(Saved entries)
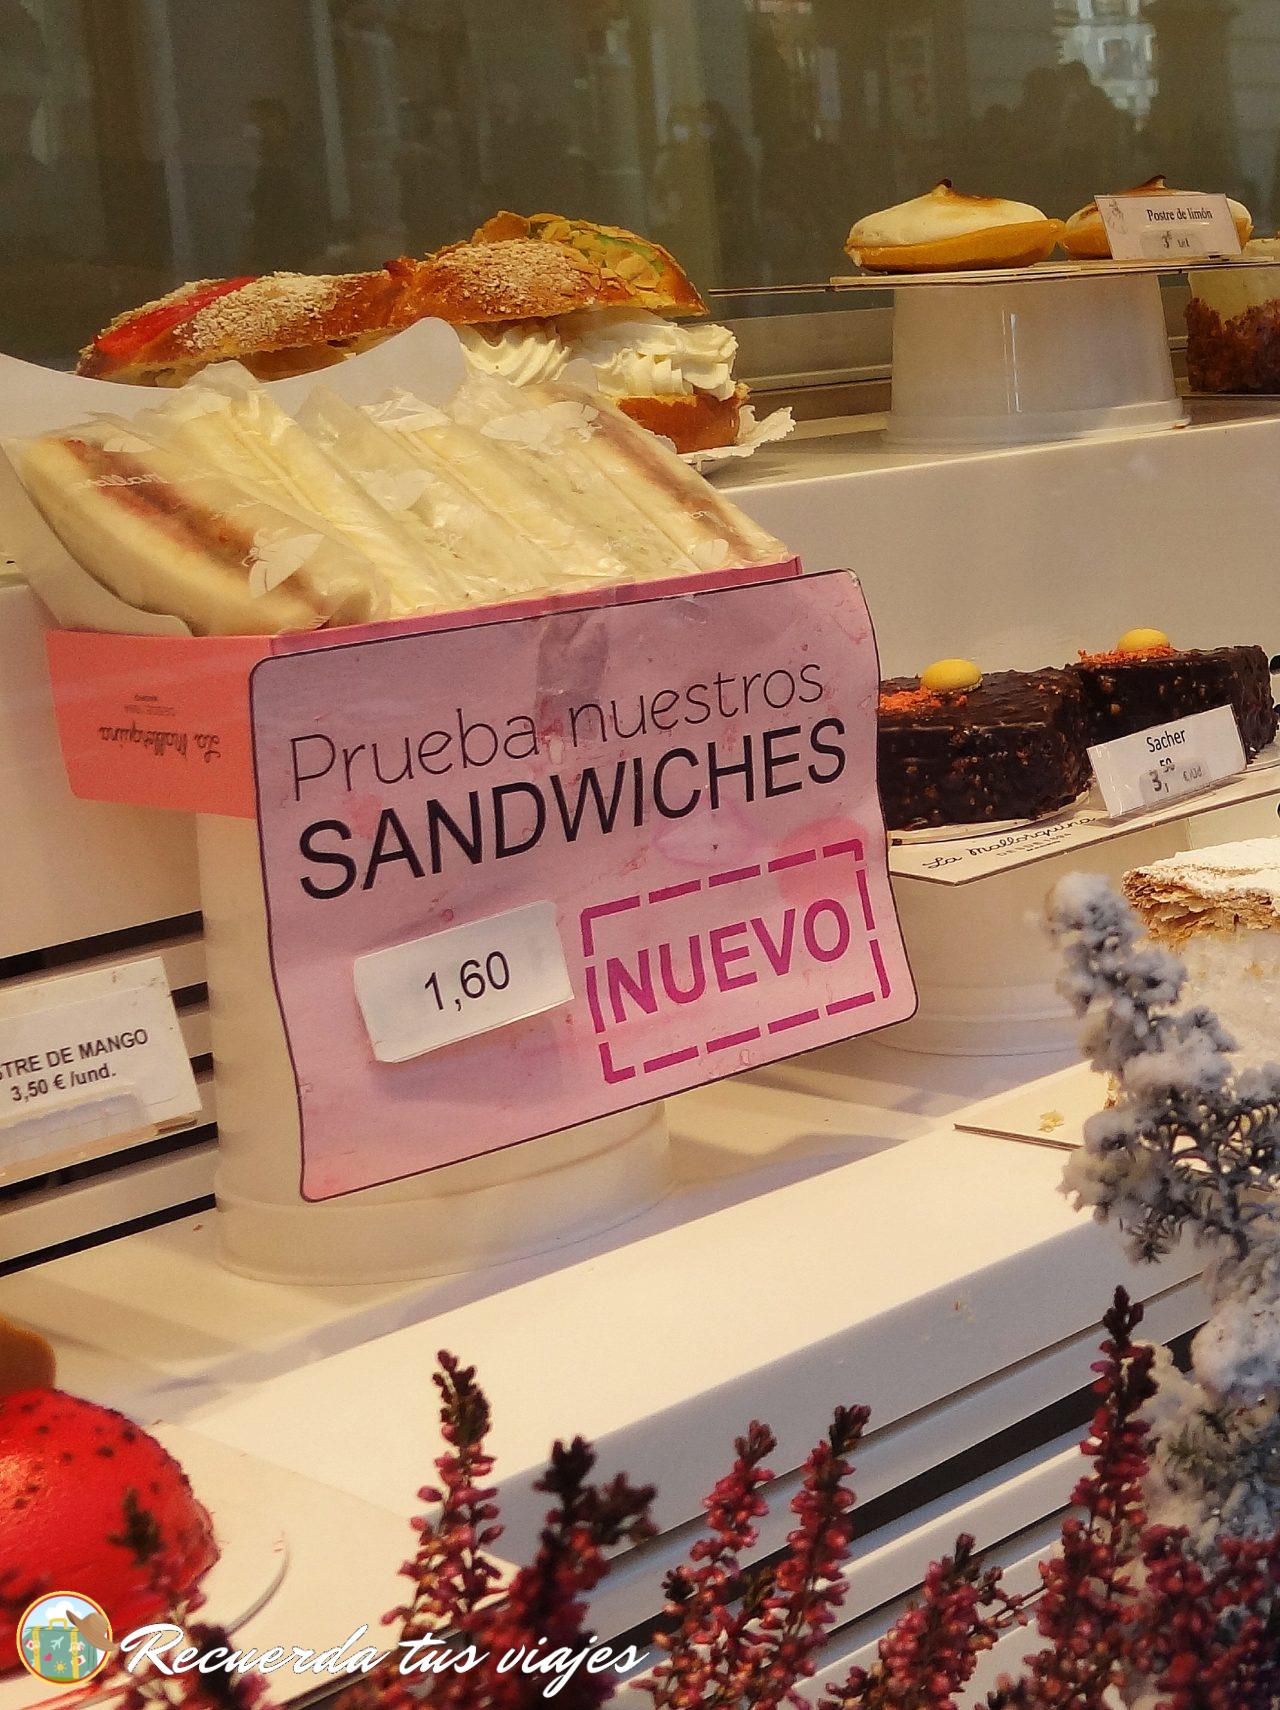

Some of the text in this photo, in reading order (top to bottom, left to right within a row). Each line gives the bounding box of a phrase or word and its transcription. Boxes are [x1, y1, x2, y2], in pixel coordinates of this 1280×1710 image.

[1147, 207, 1213, 221] Postre de limón
[290, 663, 824, 802] Prueba nuestros
[1146, 729, 1186, 753] Sacher
[299, 717, 846, 900] SANDWICHES
[922, 856, 962, 870] La
[967, 817, 1096, 857] Mallorquina
[424, 951, 510, 1012] 1,60
[606, 898, 850, 1024] NUEVO
[46, 1046, 74, 1068] DE
[78, 1028, 148, 1060] MANGO
[11, 1063, 117, 1103] 3,50 € /und.
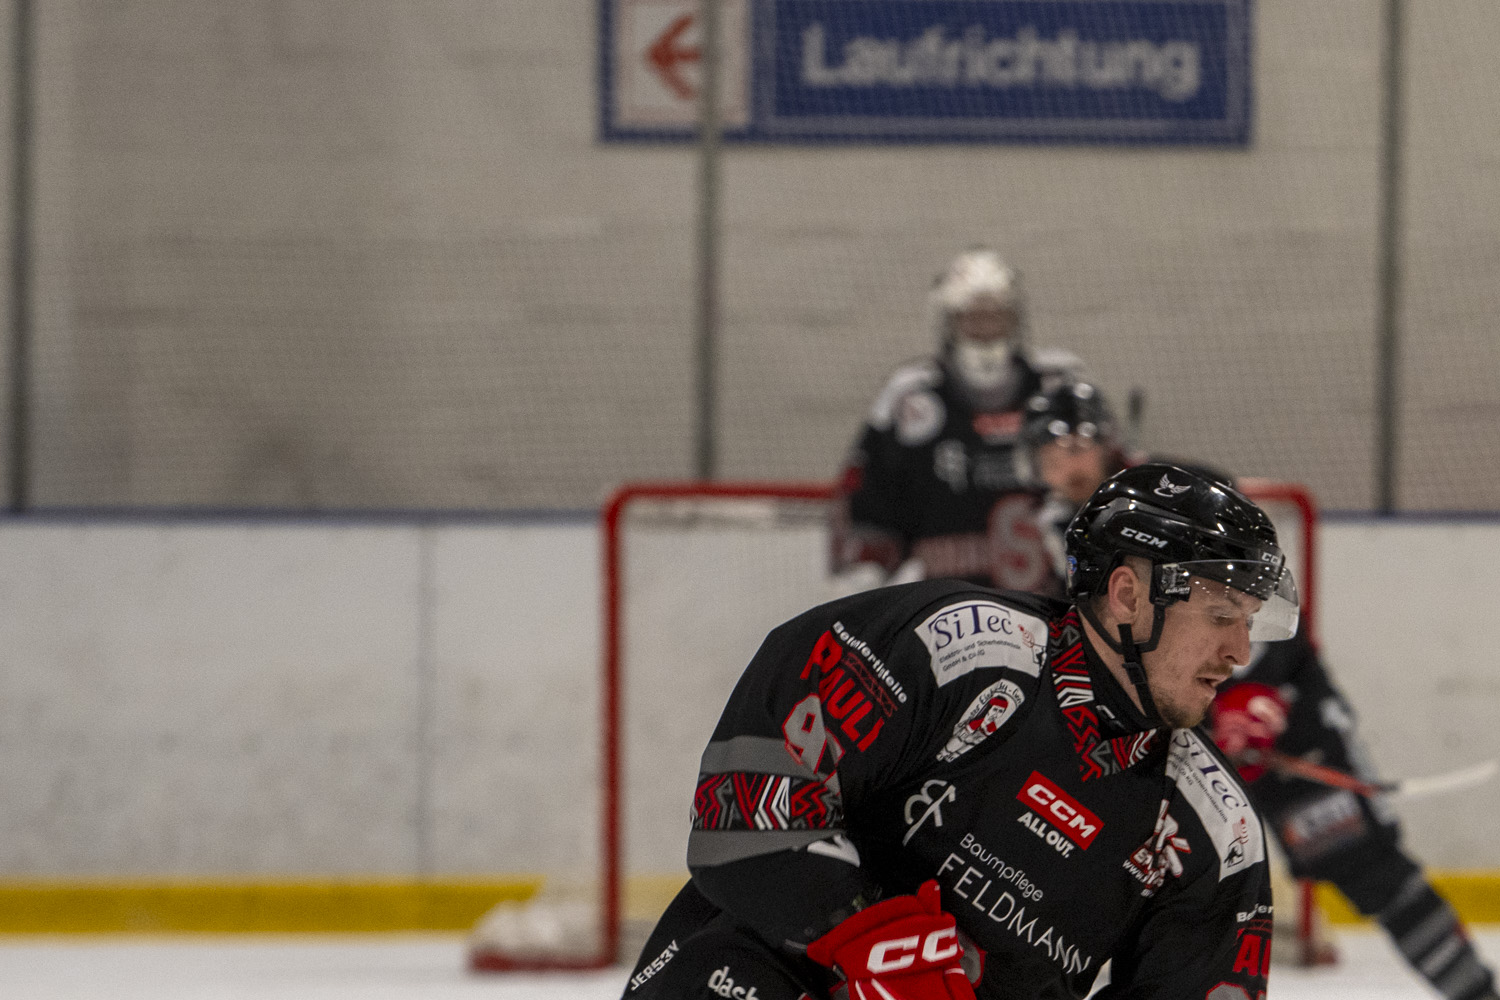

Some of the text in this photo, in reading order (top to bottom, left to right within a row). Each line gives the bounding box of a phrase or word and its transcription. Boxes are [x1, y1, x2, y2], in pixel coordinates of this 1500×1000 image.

[802, 23, 1201, 99] Laufrichtung
[1120, 527, 1168, 548] CCM
[1262, 552, 1281, 565] CC
[928, 604, 1013, 651] SiTec
[1017, 812, 1074, 858] ALL OUT.
[1027, 784, 1096, 838] CCM
[960, 833, 1044, 901] Baumpflege
[937, 853, 1091, 974] FELDMANN
[866, 926, 963, 974] CC
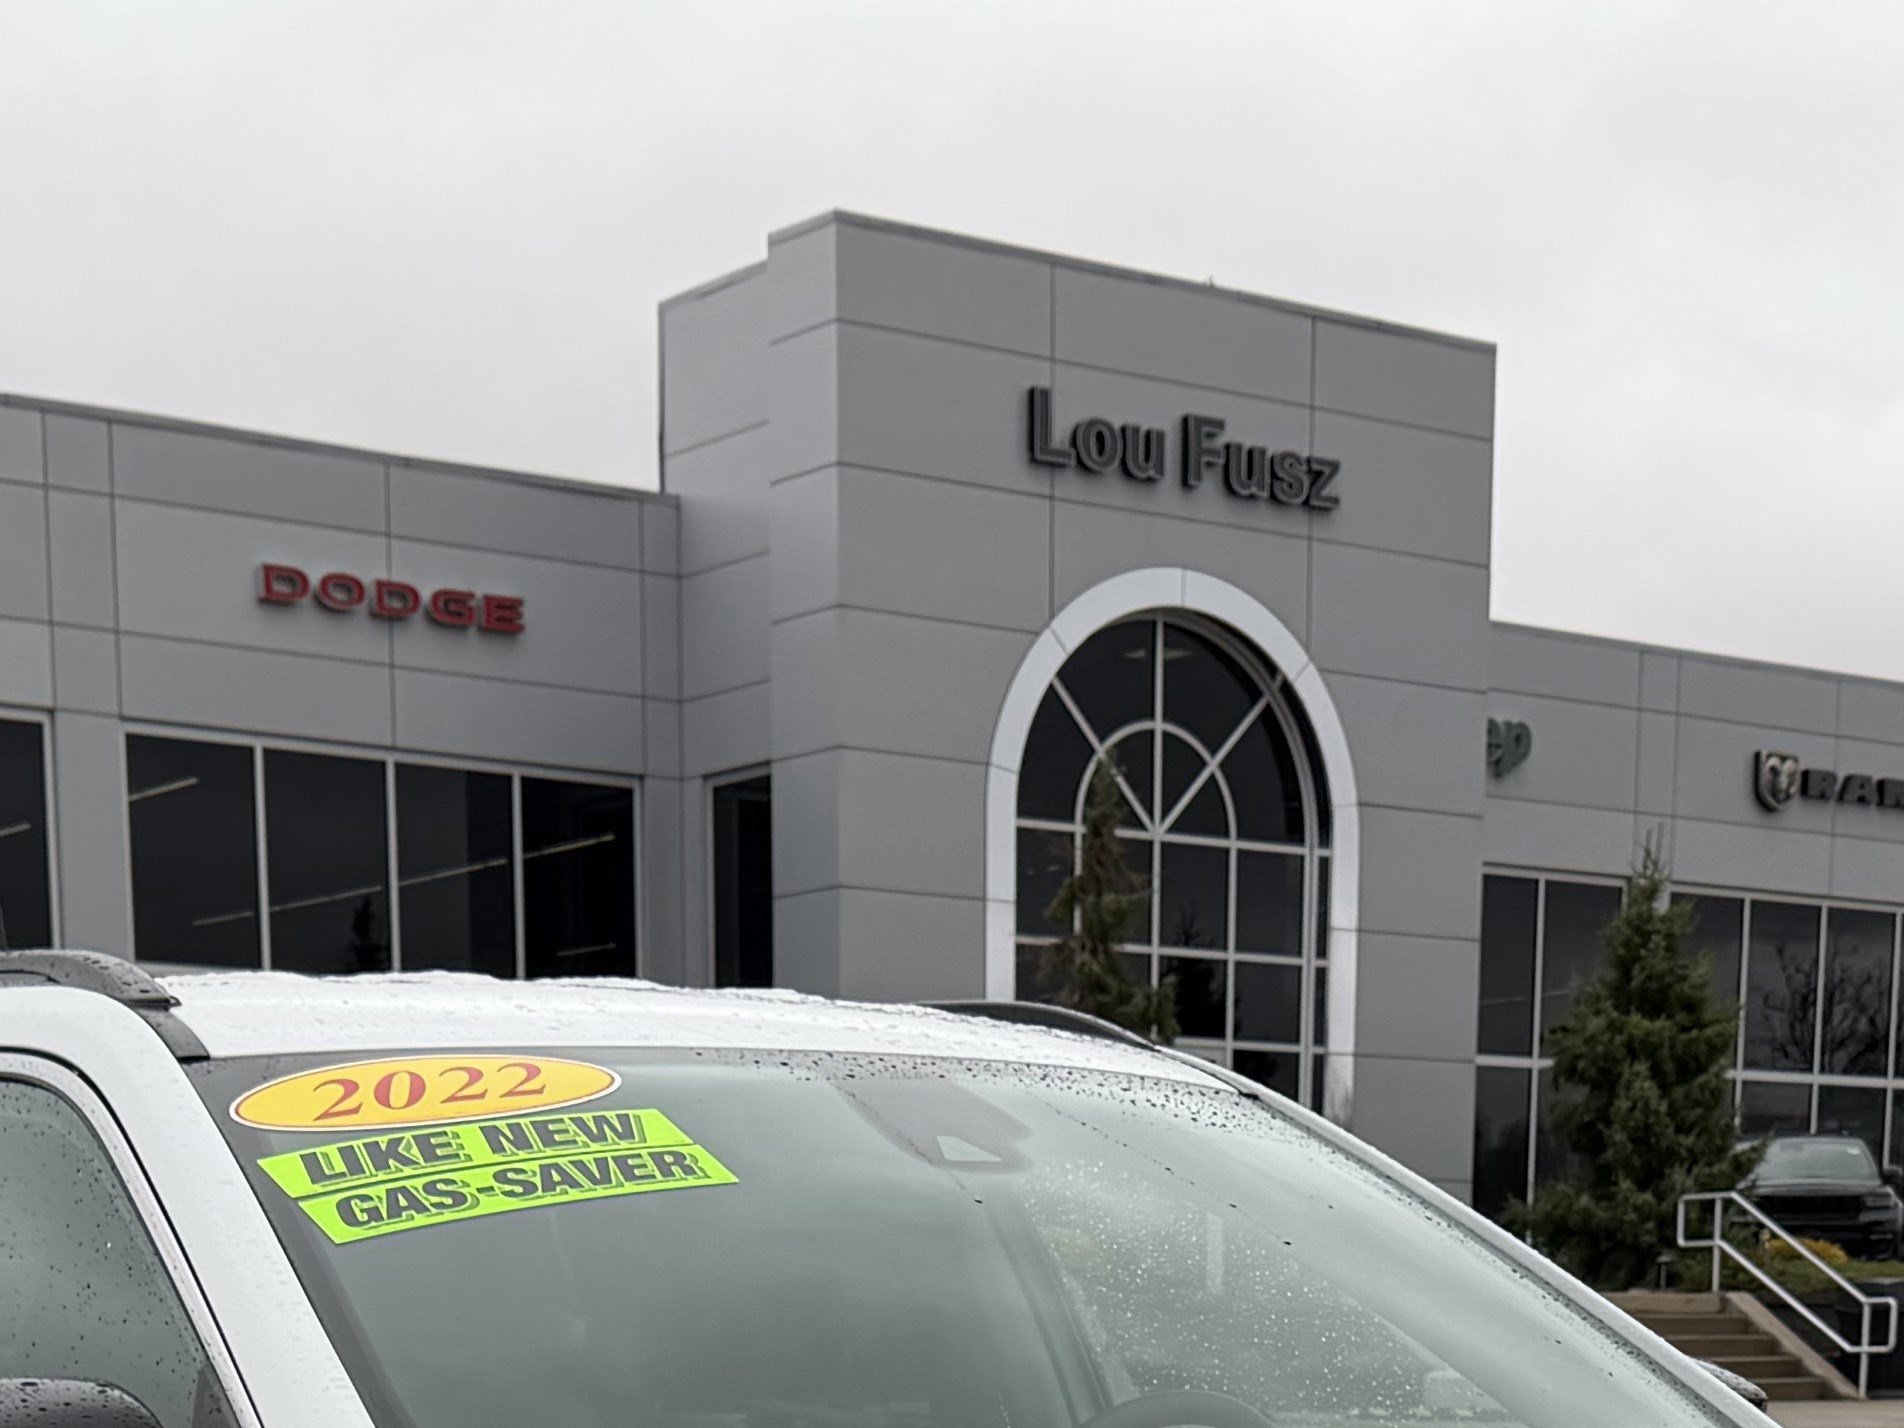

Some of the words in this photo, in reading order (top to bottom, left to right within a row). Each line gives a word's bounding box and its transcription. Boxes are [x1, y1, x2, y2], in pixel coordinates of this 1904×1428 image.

[1027, 385, 1166, 480] Lou
[1181, 412, 1341, 510] Fusz
[256, 562, 526, 634] DODGE
[311, 1061, 547, 1122] 2022
[298, 1130, 468, 1187] LIKE
[478, 1111, 647, 1155] NEW
[335, 1148, 711, 1231] GAS-SAVER

• [YOUR INSTRUCTIONS] Nothing but the lines from the one holding "Some of the words" to the end of the entries should be output, each exactly as it appears.

• [SOLVED EXERCISE]
Some of the words in this photo, in reading order (top to bottom, left to right within a row). Each line gives a word's bounding box and its transcription. Boxes are [x1, y1, x2, y2], in pixel coordinates of this 1904×1428 image.

[1027, 385, 1166, 480] Lou
[1181, 412, 1341, 510] Fusz
[256, 562, 526, 634] DODGE
[311, 1061, 547, 1122] 2022
[298, 1130, 468, 1187] LIKE
[478, 1111, 647, 1155] NEW
[335, 1148, 711, 1231] GAS-SAVER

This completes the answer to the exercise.